§ To do: Would you work out how many lines below include the word "CIVIL"? Only that number is wanted.

Image-backed grounding data
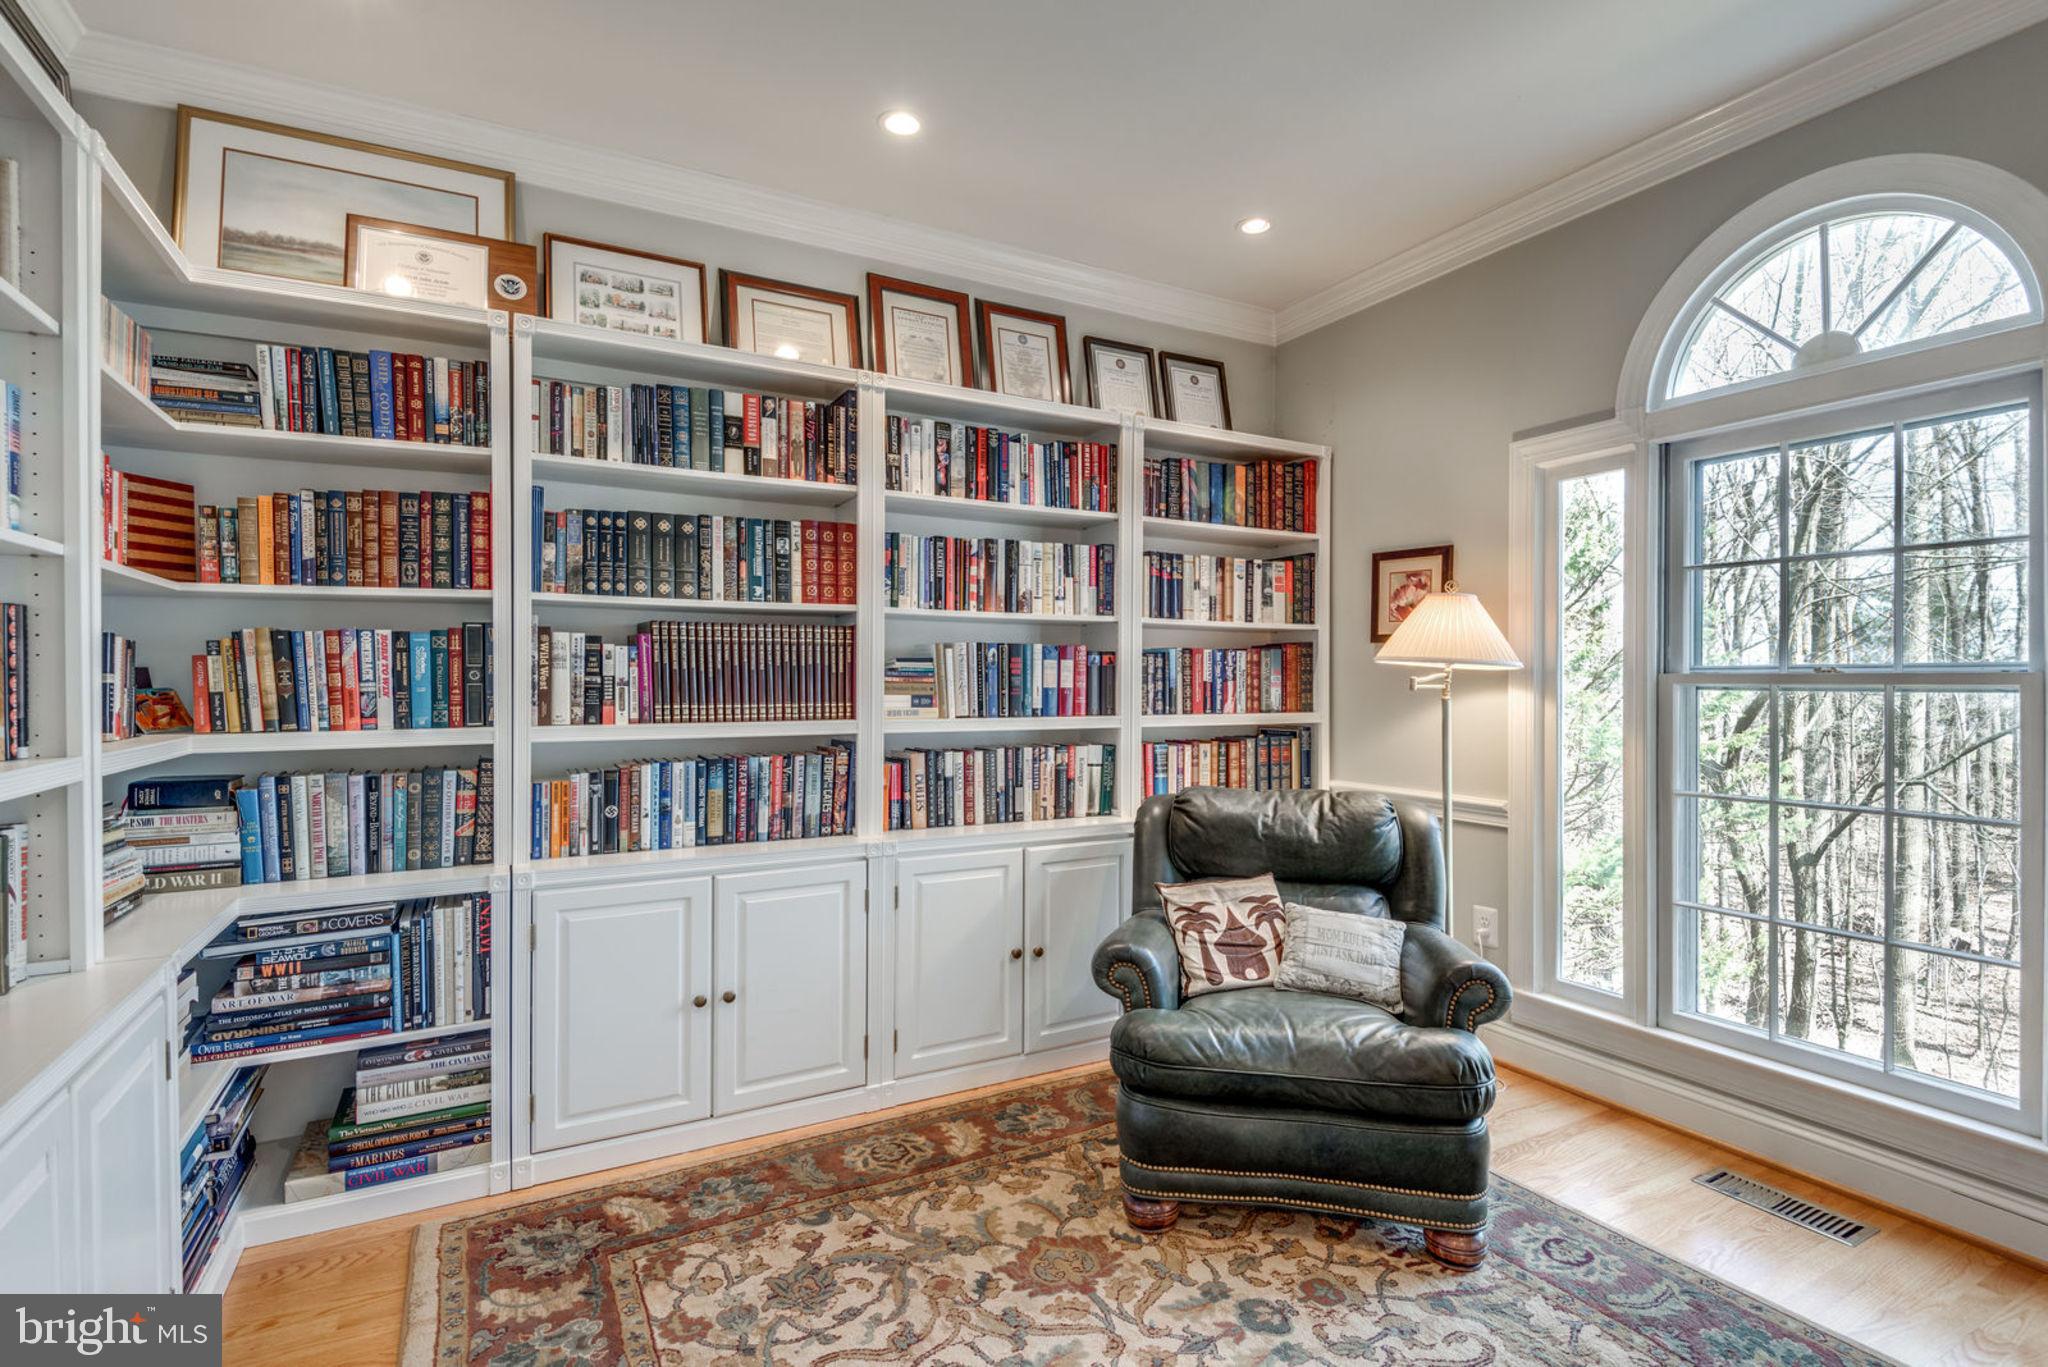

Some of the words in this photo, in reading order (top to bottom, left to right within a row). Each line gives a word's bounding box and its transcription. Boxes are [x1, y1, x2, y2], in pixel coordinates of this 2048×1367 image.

[379, 354, 388, 383] SHIP
[380, 392, 390, 426] GOLD
[746, 397, 758, 442] WASHINGTON
[805, 420, 816, 441] 1776
[936, 541, 944, 578] BLACKWATER
[361, 631, 373, 682] COMEBACK
[381, 634, 389, 661] BORN
[539, 641, 548, 666] Wild
[381, 663, 389, 677] TO
[539, 666, 549, 690] West
[382, 677, 390, 699] WIN
[436, 665, 444, 700] CHALLENGE
[738, 765, 747, 794] RAPE
[823, 757, 833, 783] ENEMY
[1077, 757, 1085, 789] Kissinger
[822, 789, 832, 813] GATES
[915, 773, 925, 812] DULLES
[311, 791, 323, 818] NORTH
[312, 819, 322, 829] TO
[630, 804, 639, 834] EICHMANN
[312, 830, 323, 845] THE
[313, 846, 324, 865] POLE
[171, 874, 206, 887] WAR
[328, 913, 384, 930] COVERS
[479, 898, 493, 955] NAM
[261, 950, 319, 965] SEAWOLF
[1336, 948, 1356, 963] ASK
[1357, 951, 1378, 966] DAD
[221, 999, 244, 1010] ART
[248, 997, 264, 1005] OF
[267, 993, 295, 1004] WAR
[233, 1013, 272, 1023] HISTORICAL
[274, 1010, 292, 1018] ATLAS
[304, 1005, 327, 1013] WORLD
[211, 1023, 296, 1042] LENINGRAD
[210, 1050, 241, 1060] CHART
[243, 1049, 255, 1057] OF
[256, 1044, 285, 1054] WORLD
[288, 1039, 324, 1051] HISTORY
[433, 1048, 452, 1056] CIVIL
[453, 1045, 472, 1053] WAR
[429, 1060, 446, 1070] THE
[448, 1056, 471, 1066] CIVIL
[365, 1085, 381, 1103] THE
[386, 1081, 411, 1101] CIVIL
[415, 1094, 444, 1108] CIVIL
[447, 1091, 470, 1102] WAR
[339, 1129, 354, 1139] The
[355, 1124, 382, 1135] Vietnam
[382, 1121, 397, 1131] War
[355, 1149, 406, 1167] MARINES
[348, 1171, 390, 1188] CIVIL
[394, 1162, 427, 1178] WAR

§ Answer to the problem: 5